Currently, my research is mainly focused on tissue image analysis. Our team was among the first to develop and validate computational models using tissue images collected from routine clinical procedures to refine lung cancer prognosis (Luo et al, 2017, Luo et al, 2019). We have developed deep-learning-based models to detect tumor regions and micro-blood-vessels and to predict patient outcomes (Wang et al, 2018; Yi et al, 2018; Huang et al, 2017). Recently, we developed algorithms to detect and classify different types of cells from tissue images (Wang et al, 2019; Wang et al, 2020), and developed a set of spatial models (Li et al, 2019, Li et al, 2020) to investigate cell spatial organization and its implications in disease. I am the PI of a CPRIT (Cancer Prevention Institute of Texas) grant focusing on analyzing digital pathology data to improve lung cancer patient care. Our study was highlighted on the cover page of the May 2020 issue of Cancer Research. https://cancerres.aacrjournals.org/content/80/10.cover-expansion
Our team has developed and validated machine learning algorithms to solve practical biological and clinical problems: (1). In 2007, I applied a machine learning method to identify new blood protein biomarkers that picks up very early stages of Alzheimer’s Disease (AD) at 88 to 96 percent accuracy with much lower cost. This blood-based test is current being validated in several large NIH-funded ongoing clinical trials as a front-line screening test for AD. (2) We developed a new algorithm to identify a gene signature to predict lung cancer patient response to adjuvant chemotherapy (Tang et al, 2013), and validate the signature using a Clinical Laboratory Improvement Amendments (CLIA)-grade assay in an independent cohort (Xie et al, 2018). (3) We developed a machine learning algorithm to predict lung cancer patient prognosis using commonly available pathology images (Luo et al, 2017), and validated the model in multiple independent patient cohorts (Luo et al, 2019).
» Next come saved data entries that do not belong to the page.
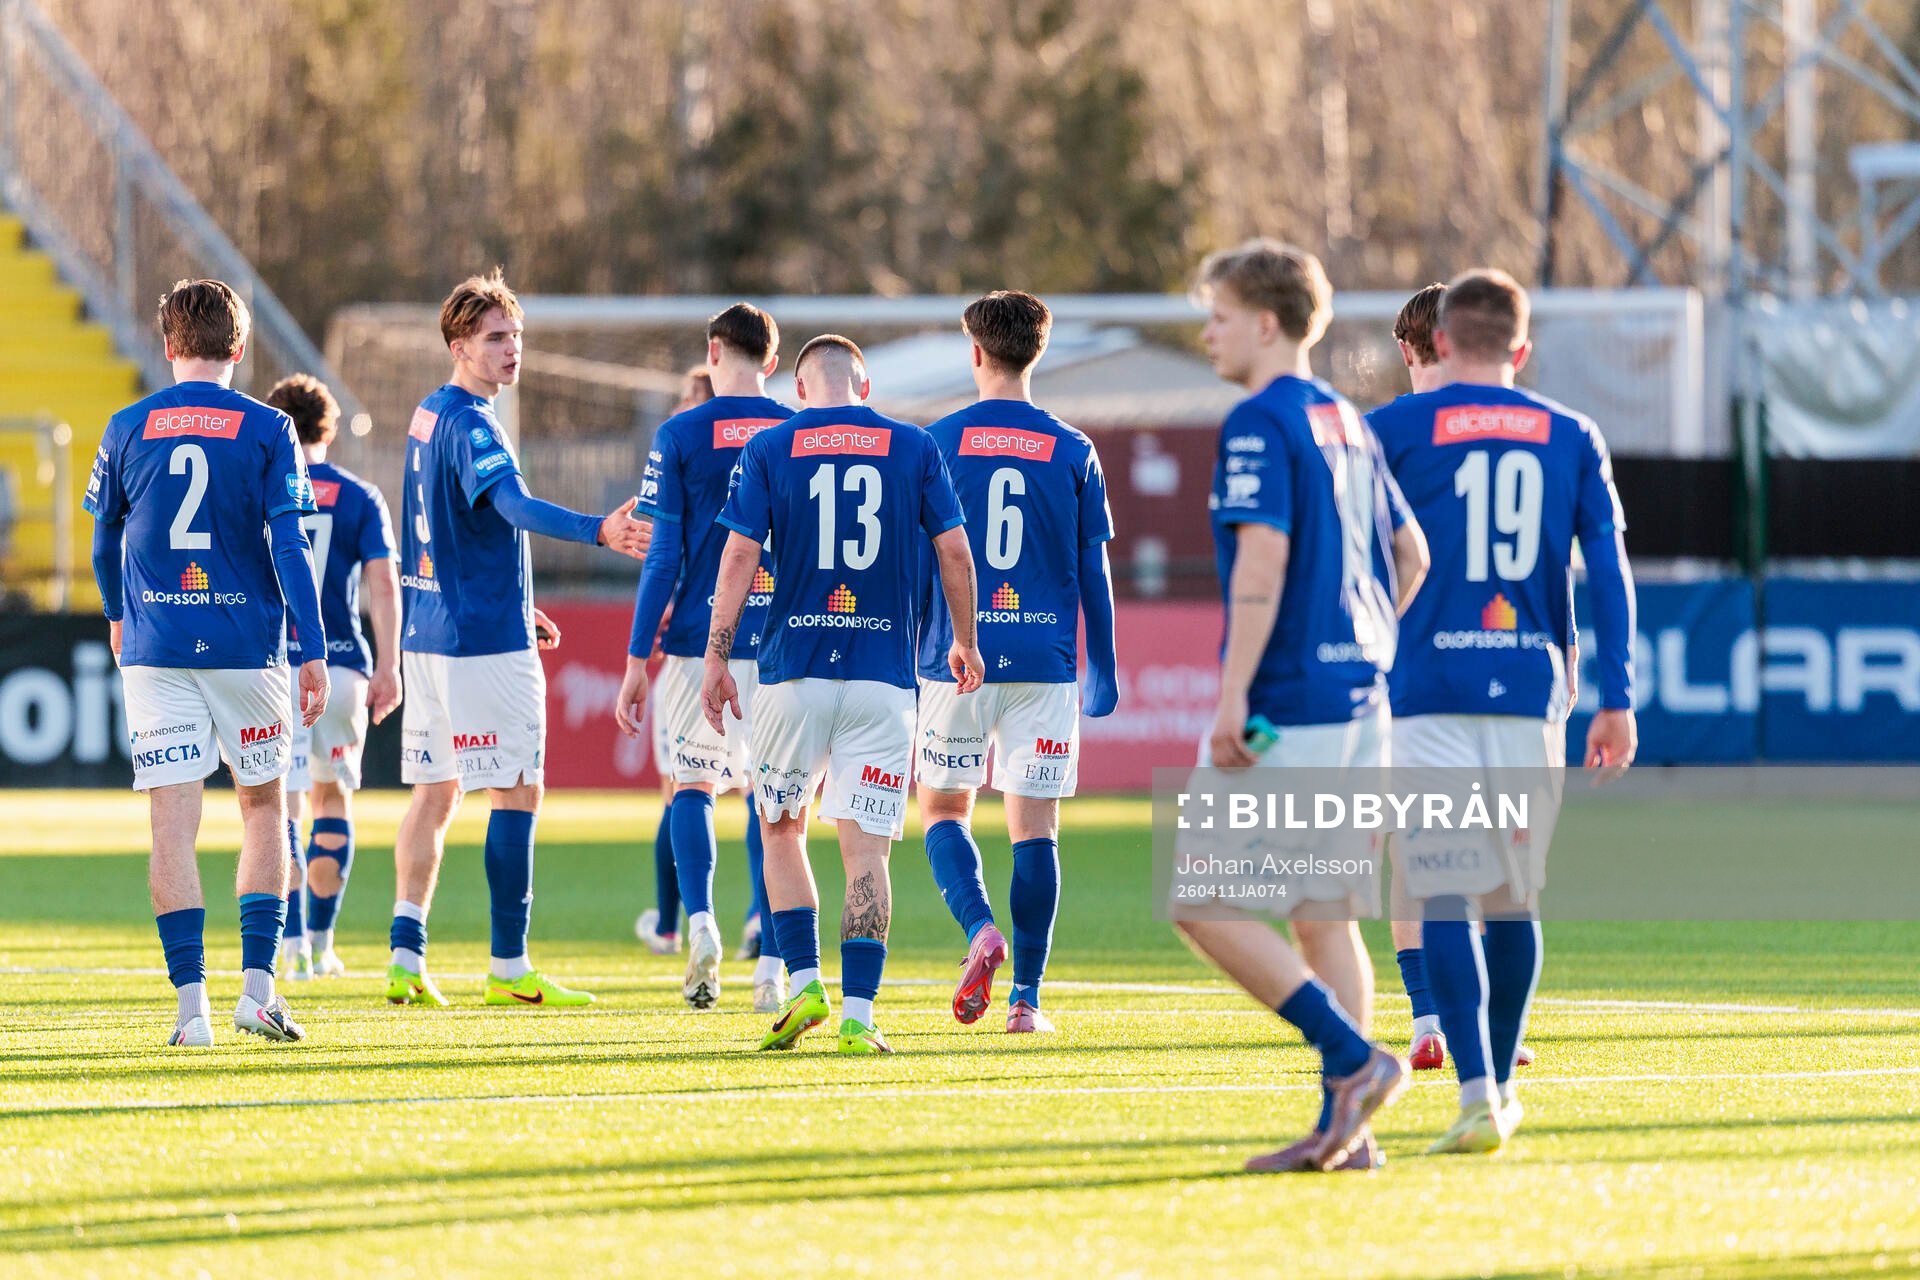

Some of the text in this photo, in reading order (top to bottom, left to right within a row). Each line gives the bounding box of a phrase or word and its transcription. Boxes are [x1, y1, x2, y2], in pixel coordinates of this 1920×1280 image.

[155, 414, 231, 431] elcenter
[723, 424, 770, 440] elce
[1446, 411, 1539, 435] elcenter
[803, 433, 880, 449] elcenter
[971, 432, 1045, 453] elcenter
[169, 443, 211, 550] 2
[809, 463, 882, 571] 13
[985, 467, 1026, 570] 6
[1455, 449, 1544, 582] 19
[142, 590, 247, 605] OLOFSSON BYGG
[788, 614, 892, 631] OLOFSSON BYGG
[1023, 612, 1057, 624] BYGG
[140, 724, 197, 740] SCANDICORE
[240, 722, 282, 745] MAXI
[453, 733, 497, 750] MAXI
[134, 744, 201, 770] INSECTA
[240, 745, 280, 770] ERLA
[862, 764, 904, 790] MAXI
[1024, 764, 1066, 781] ERL
[851, 793, 897, 817] ERLA
We are actively developing new bioinformatics tools and computational algorithms for big data, such as genome-wide RNAi screening data and next-generation sequencing data. My group is experienced with software development. We have developed several comprehensive web portals, including Lung Cancer Explorer (LCE) and Genomic Regression Analysis of Coordinated Expression (GRACE) (Cai, et al., Nat Communications, 2017), deep learning-based software (ConvPath), online clinical outcome prediction calculators, Galaxy-based software tools (such as PipeCLIP), and R packages. Some of this software can be accessed on my lab website: https://qbrc.swmed.edu/x-software/
We have developed computational methodologies for Bayesian analysis, spatial modeling, and integrative analysis of different biological datasets, especially pathological imaging data.
Our team has a longstanding interest and experience in biomedical image analysis. We have developed new methods and performance analysis in brain images, such as fMRI and DTI images.